Grim Effects

Sarin, Nitrogen Mustard, Cyanide & More: All About Chemical Weapons

Amid reports of a new attack in Syria, Kent Sepkowitz breaks down the weapons’ types—and their effects.

Chung Sung-Jun/Getty Images

The Syrian civil war has taken an even darker turn in recent weeks as increasingly credible reports have surfaced suggesting President Bashar al-Assad is using not just conventional but also chemical weapons against the Syrian insurgency. Suddenly the laconic, at-arm’s-length West has snapped to attention and declared that an unacceptable moral line has been crossed.

The about-face is not a surprise. For more than a century, chemical weapons have been deemed outside the boundaries of acceptable warfare, while simple slaughter from bullets and bombs has not. Exactly why such a line has been drawn is not certain, but it may have to do with unique pain and suffering caused by chemicals.

The Centers for Disease Control and Prevention and other groups maintain lists of the various chemicals used in chemical warfare. The dozens of agents usually are categorized into four main groups, based on the effects they have on the body. Of note, chemical weapons can be delivered in solid and liquid forms but are most often, both historically and in movies, dispersed as gas.

World War I saw the use of two categories of chemical-warfare agents, those that affect the lungs—phosgene (a chloride gas) and chlorine gas, a closely related substance—and blistering agents, also called vesicants, that blister away flesh. The latter group, which includes nitrogen mustard, also can cause severe irritation in the lung sufficient to cause asphyxiation and death.

The grim events that surround the early use of chlorine gas have become a staple of horrifying war stories. The Germans, including the companies that later became IG Farben, saw the damage that chlorine gas could inflict and in 1915 began using it on British soldiers, killing hundreds. Use of it as a weapon, though, was eventually limited by the uncertainties of the wind—the Germans released the gas into a breeze upwind from the enemy soldiers and hoped and assumed the wind would not change direction. In addition, the rapid deployment of gas masks offered an effective prevention strategy.

Chlorine gas also became less commonly used because a more lethal and easy-to-control agent, and one not fully neutralized by gas masks, was weaponized at about the same time. The story of nitrogen mustard gas, so called not because of a connection to mustard but because of its acrid mustardy smell, is perhaps the strangest in 20th-century science.

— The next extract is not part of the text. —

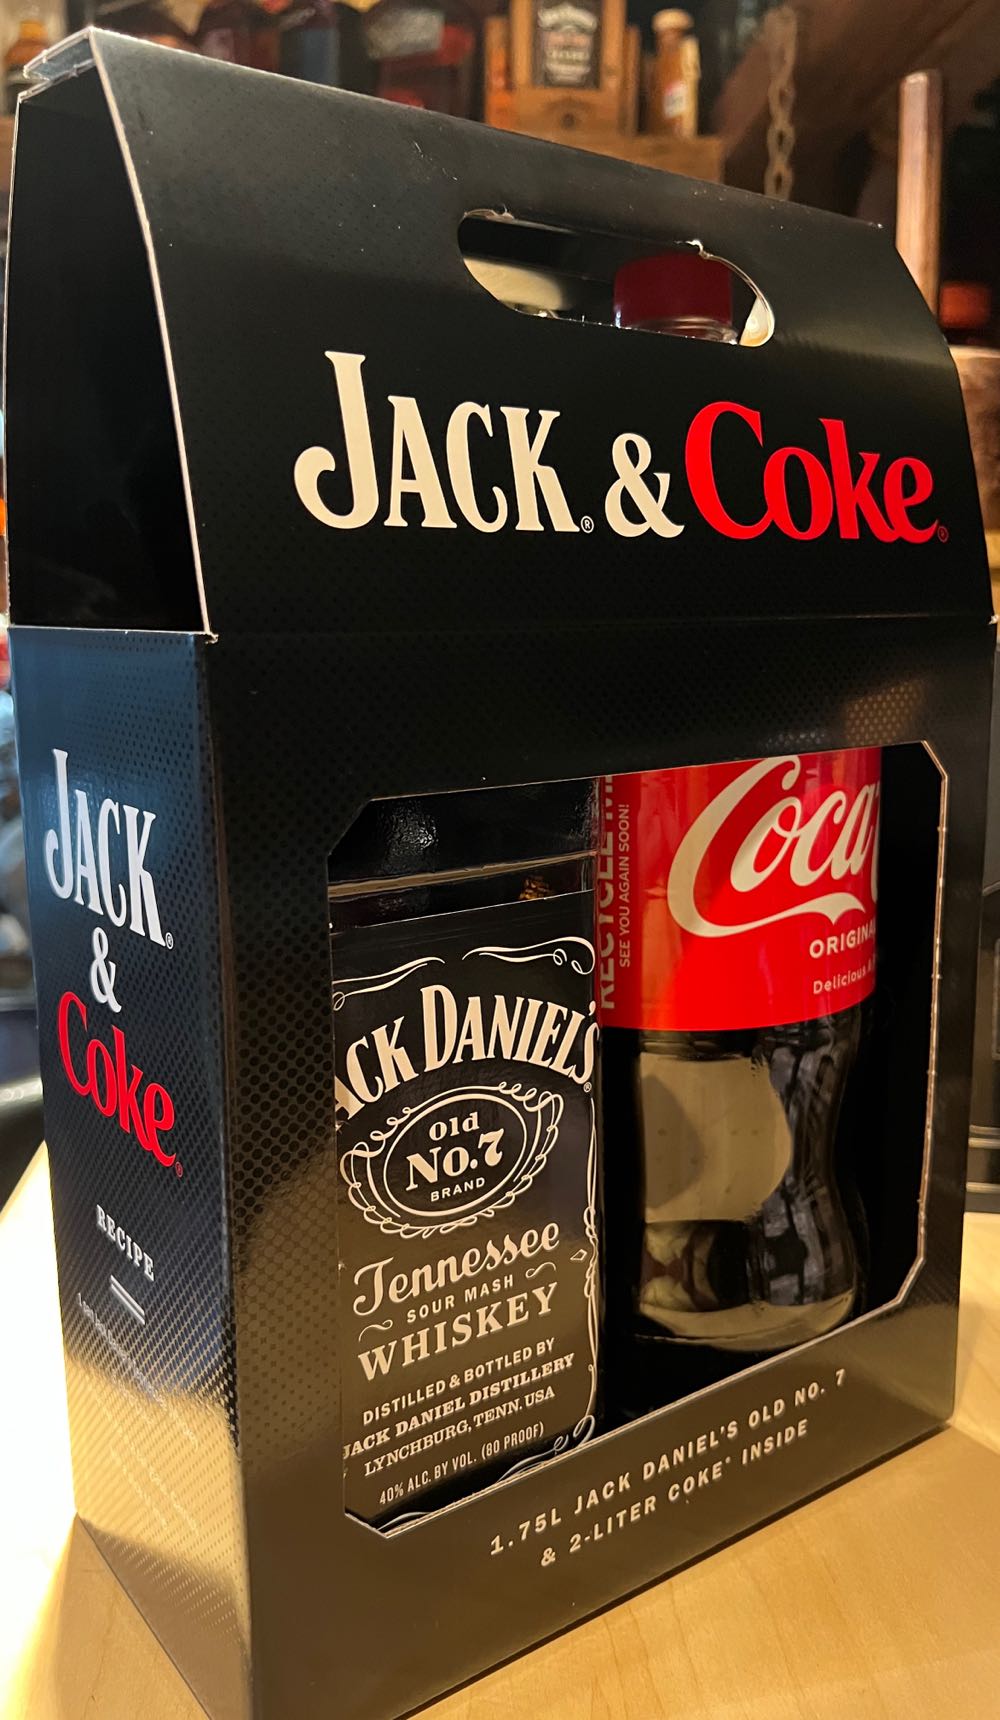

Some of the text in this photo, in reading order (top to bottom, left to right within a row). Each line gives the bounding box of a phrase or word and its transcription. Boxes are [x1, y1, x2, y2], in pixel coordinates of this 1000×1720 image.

As a chemical weapon it was brutally effective. Used on Belgian battlefields during World War I, it maimed, crippled, and killed many whose flesh was blistered away or who died from asphyxiation. It also was used much more recently in the Iran-Iraq war and was thought to be one of the lead “weapons of mass destruction” in the hands of Saddam Hussein.

Nitrogen mustard’s strange turn, however, was its reincarnation a generation later in substantially lower doses as cancer chemotherapy. Physicians given the grim task of performing autopsies on soldiers who had died in 1915 from exposure to mustard made several seminal observations. The bone marrow of the dead soldiers was depleted dramatically, and their lymph nodes had shriveled away. These two effects in turn were applied to treatment of cancers affecting these specific organs, leukemia and lymphoma. Indeed, from the battlefields of WWI came the entire discipline of cancer chemotherapy. The agents live on now, both chemically and etymologically, in drugs such as bendamustine that are used to treat several cancers.

A third category of chemical weapon is comparably savage—the nerve-gas agents. Sarin gas, which was released in the Tokyo subway system in 1995, killing 12 and injuring thousands, is the most famous example. These chemicals often go by top secret-sounding letter designations such as the G series and the V series, adding to their mystique. They act by unhooking the nerves one from the other by chemically interfering in the nerve synapse, resulting in complete loss of neurologic control. Symptoms may range from palpitations and severe sweating to paralysis, convulsions, and death. Assad is suspected of using this type of chemical weapon, perhaps sarin itself, on the Syrian people.

The fourth group of chemical agents is the so-called blood group—cyanide products delivered various ways that enter the bloodstream and cause lethal cyanide poisoning. Zyklon B, a gas used by the Nazis in the death camps, is a haunting example of the rapid lethality of one form, hydrogen cyanide. There are no known recent uses of this group of chemicals.

Many other chemicals have been and perhaps will be used, such as tear gas. And then there are the biologics, including ricin, the highly lethal plant product sent in letters to President Obama and others this year and used to kill the Bulgarian dissident Georgi Markov in London in 1978. But these chemicals really are more like examples of biologic warfare, not chemical warfare. And, sadly for the human species, despite the similarities in dispersal and lethality (and cruelty), biologic warfare is an entire topic unto itself.